With America’s democracy and constitutional order under unprecedented attack, women have dramatically mobilized. Like the suffragists of the last century, women have taken to the streets, in larger numbers and from more diverse backgrounds than ever before. The Woman’s March of January 2017 to protest the incoming Trump administration was the largest one-day protest in American history. The signs women carried were not just for women’s rights but for every other social justice cause as well.

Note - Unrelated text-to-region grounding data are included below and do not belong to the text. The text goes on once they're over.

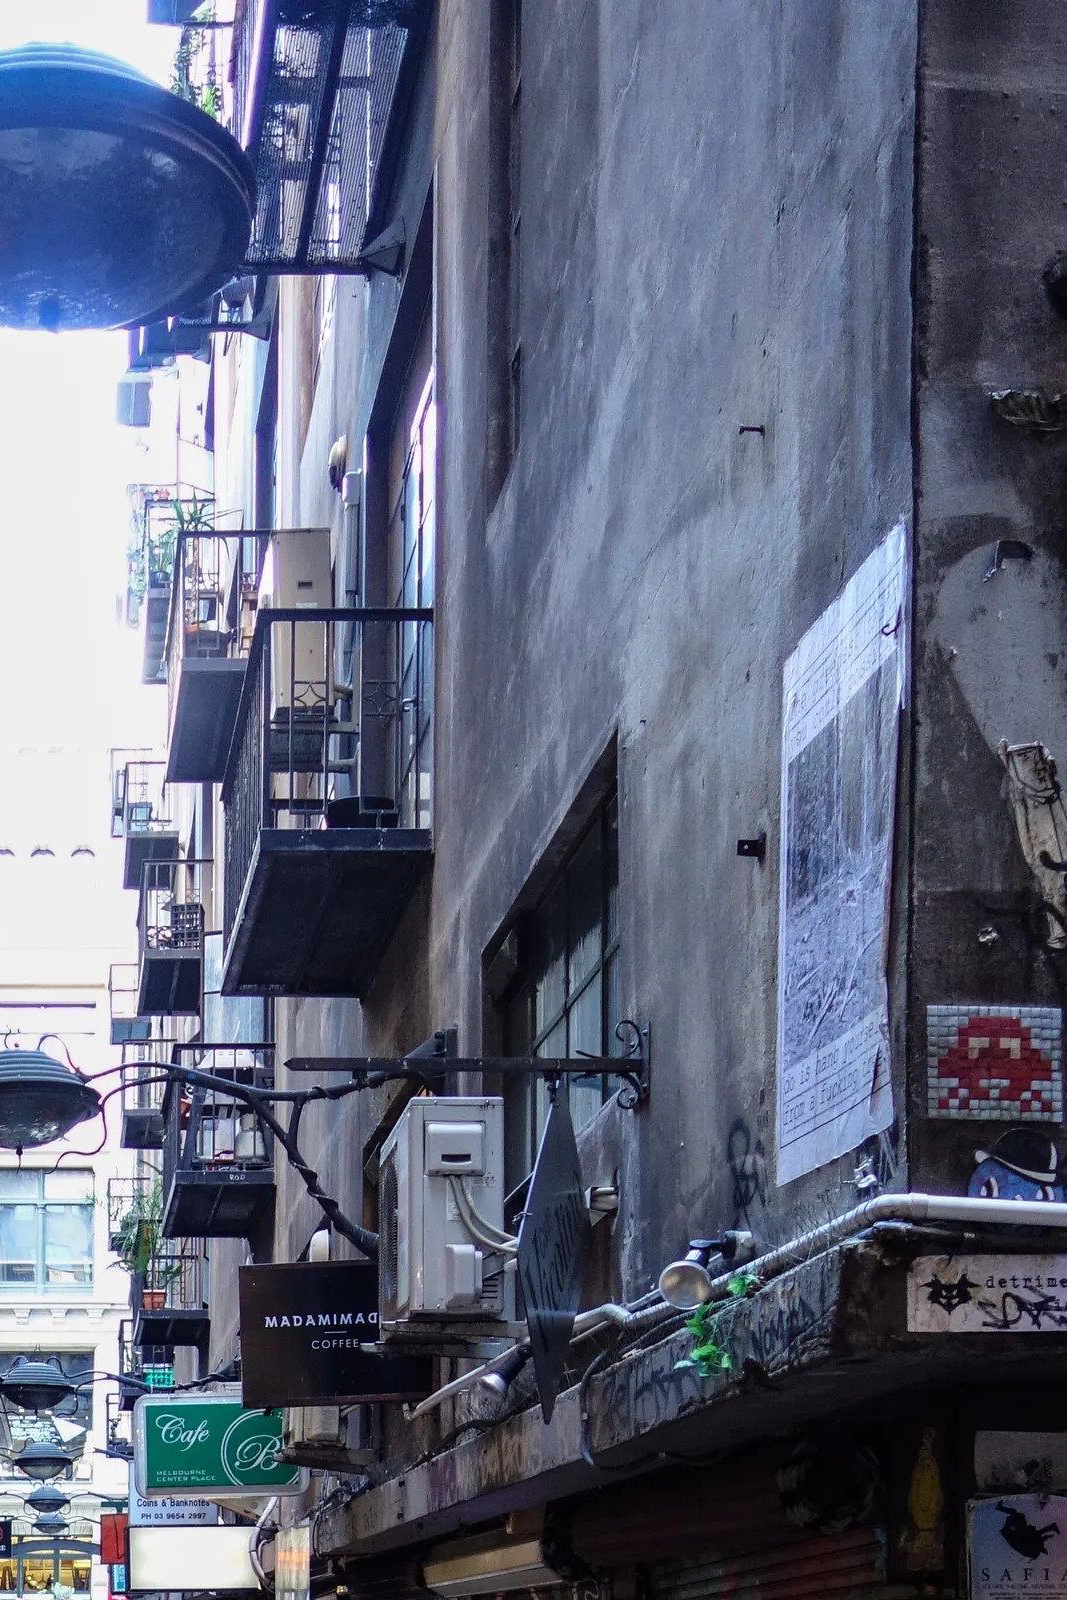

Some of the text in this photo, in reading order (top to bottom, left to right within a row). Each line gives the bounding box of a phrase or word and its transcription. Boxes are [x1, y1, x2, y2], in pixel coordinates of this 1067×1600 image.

[816, 1048, 839, 1077] hang
[820, 1068, 858, 1105] fucking
[311, 1338, 360, 1350] COFFEE
[155, 1413, 210, 1453] Cafe
[156, 1469, 207, 1477] MELBOURNE
[136, 1498, 211, 1508] Coins & Banknotes
[141, 1512, 207, 1520] PH 03 9654 2997

In the blue wave of 2018, women likewise took the lead. They voted at much higher levels than men and voted Democratic by a 21-point margin, the largest ever. They elected 117 women of diverse backgrounds.to the House of Representatives. This is a greater number than ever before, though still only one-quarter of Congress. Outside of Congress, Stacey Abrams, narrowly defeated as a candidate for Georgia governor, is a leader of a broader movement against voter suppression, and a champion of “free and fair” elections nationwide.

In 1920, suffrage leader Carrie Chapman Catt said that “more than any other group of people in this land, women have kept flying the flag of the principles of the Declaration of Independence, the principles of the Constitution, and have … educated the public in those principles.” Her claim resonates today. Six women have already announced their candidacies for the presidency. In two years, perhaps one of them will win. It would be the ideal way to celebrate the centennial of women’s suffrage.